Sulfation mechanism and catalytic behavior of manganese oxide in the oxidation of methanethiol

This work studies the behavior of a manganese dioxide catalyst during the total oxidation of methanethiol. Modifications of the working gamma-MnO2 catalyst were characterized by XPS, XRD, DRIFTS, and potentiometric measurements after reactions at different durations and at different temperatures. At temperatures below 200 degreesC, sulfur adsorbs on gamma-MnO2 in the form of sulfate species and poisons CH3SH adsorption sites. Accordingly, the methanethiol conversion is strongly inhibited. At higher temperatures (260-280 degreesC), gamma-MnO2 is strongly reduced and is converted to a moderately active manganese sulfate phase while the reaction proceeds.
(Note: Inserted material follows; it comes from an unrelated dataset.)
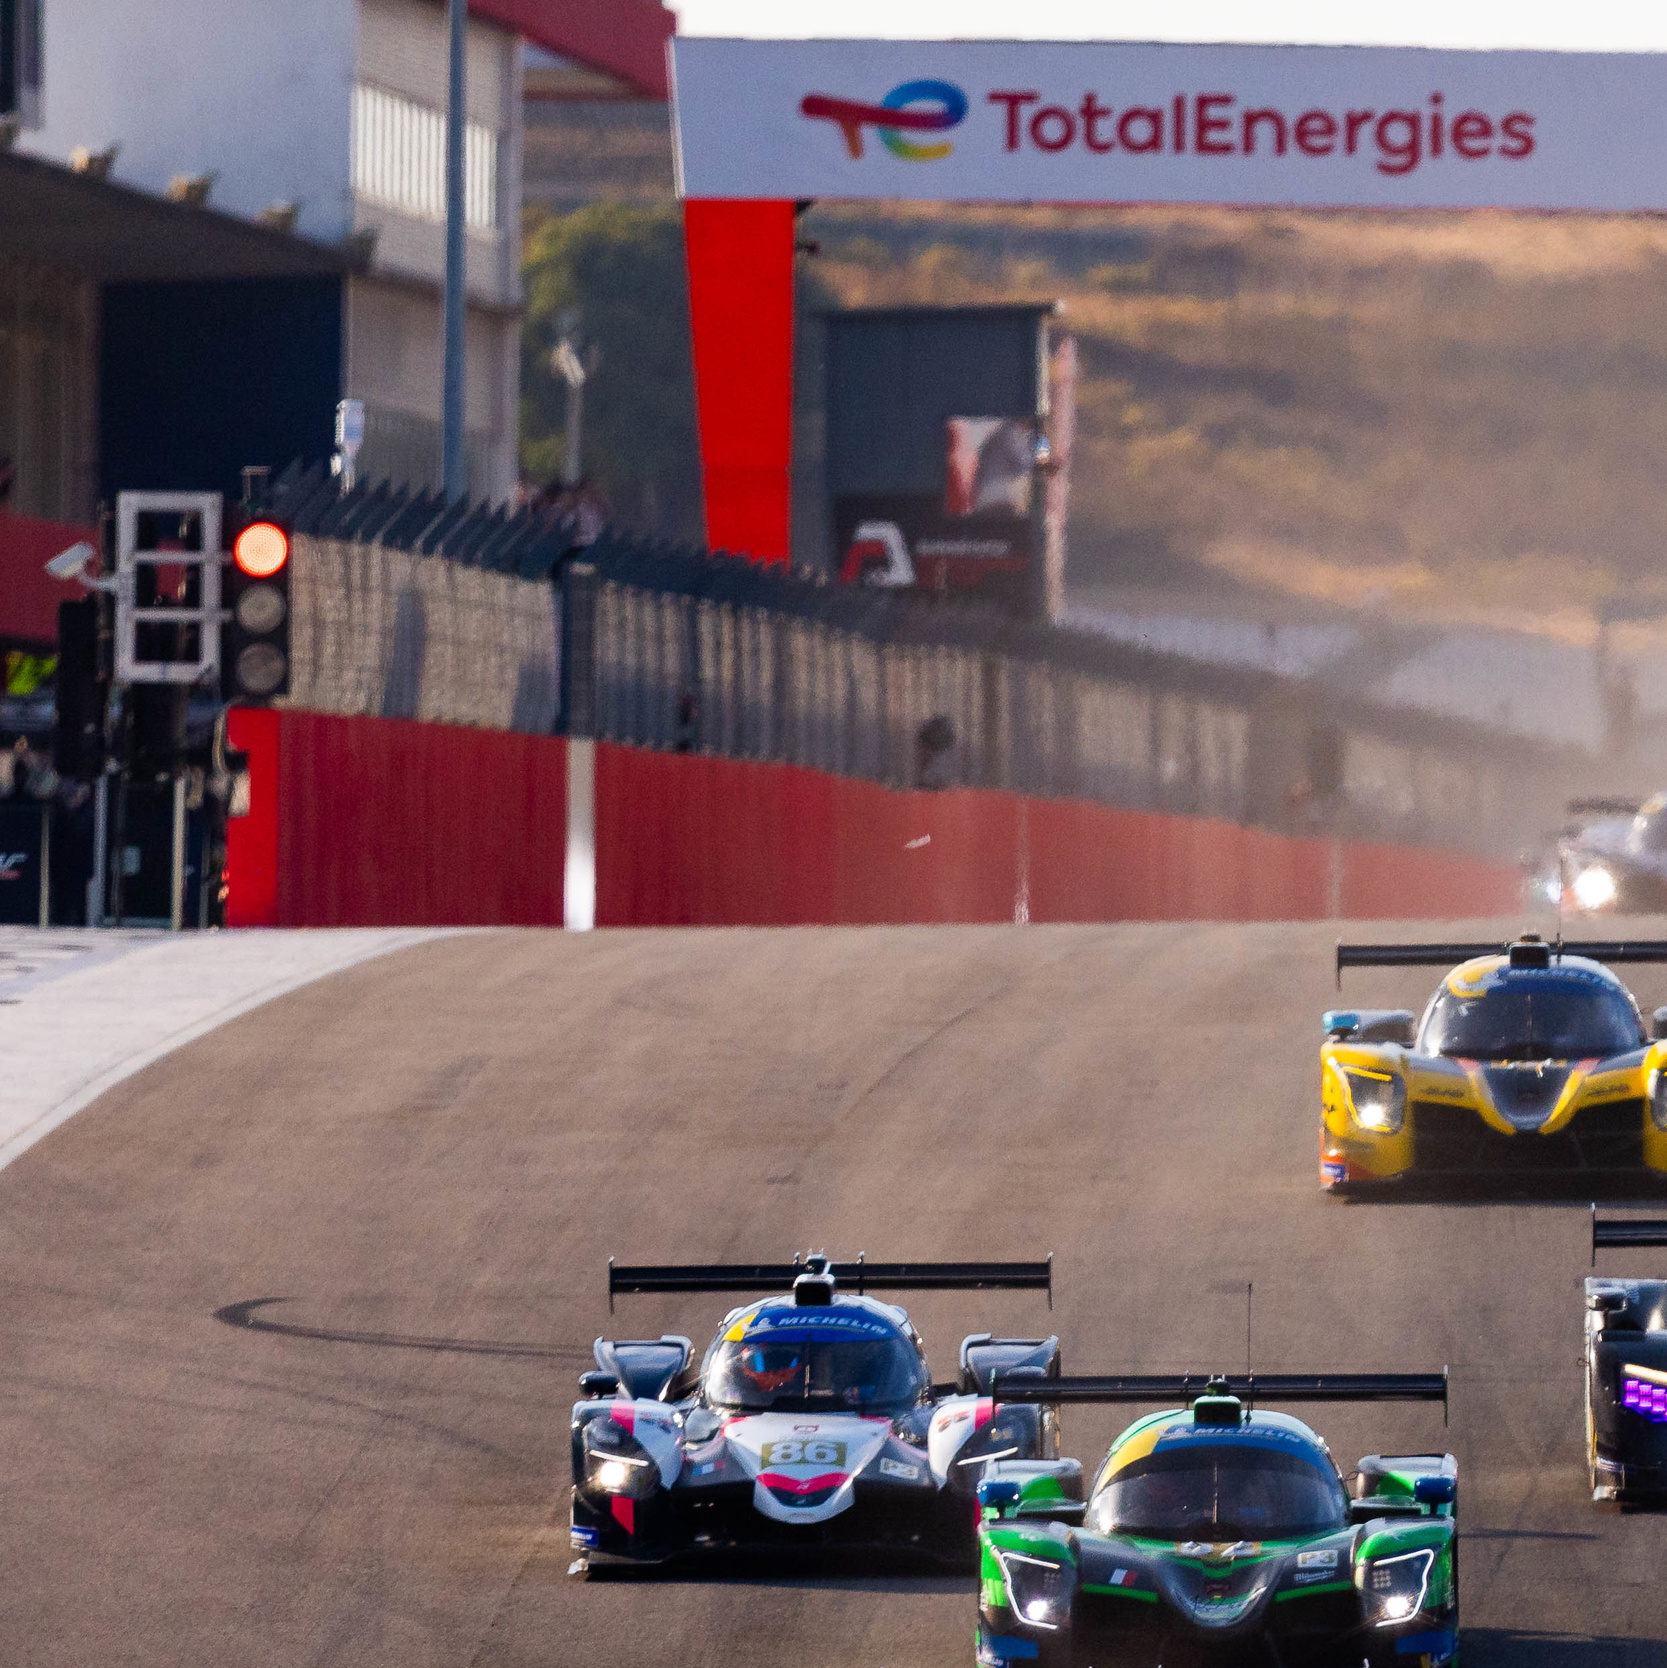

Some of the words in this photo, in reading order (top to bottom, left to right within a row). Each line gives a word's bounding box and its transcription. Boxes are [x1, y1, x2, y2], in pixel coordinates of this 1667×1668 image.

This contribution also shows that the activity and selectivity of the manganese sulfate phase formed in situ at high temperature are comparable to those of a commercial manganese sulfate. The variation of the reaction temperature between 280 and 150 degreesC controls the reversible hydration/dehydration of the manganese sulfate phase and its associated activation/deactivation. This important change in activity is accompanied by a change in the main byproduct formation. At 280 degreesC, the dehydrated manganese sulfate phase is fairly active and favors the production of dimethyl disulfide. On the contrary, the hydrated phase that exists only in the lower-temperature region is much more reactive and promotes the production of methanol.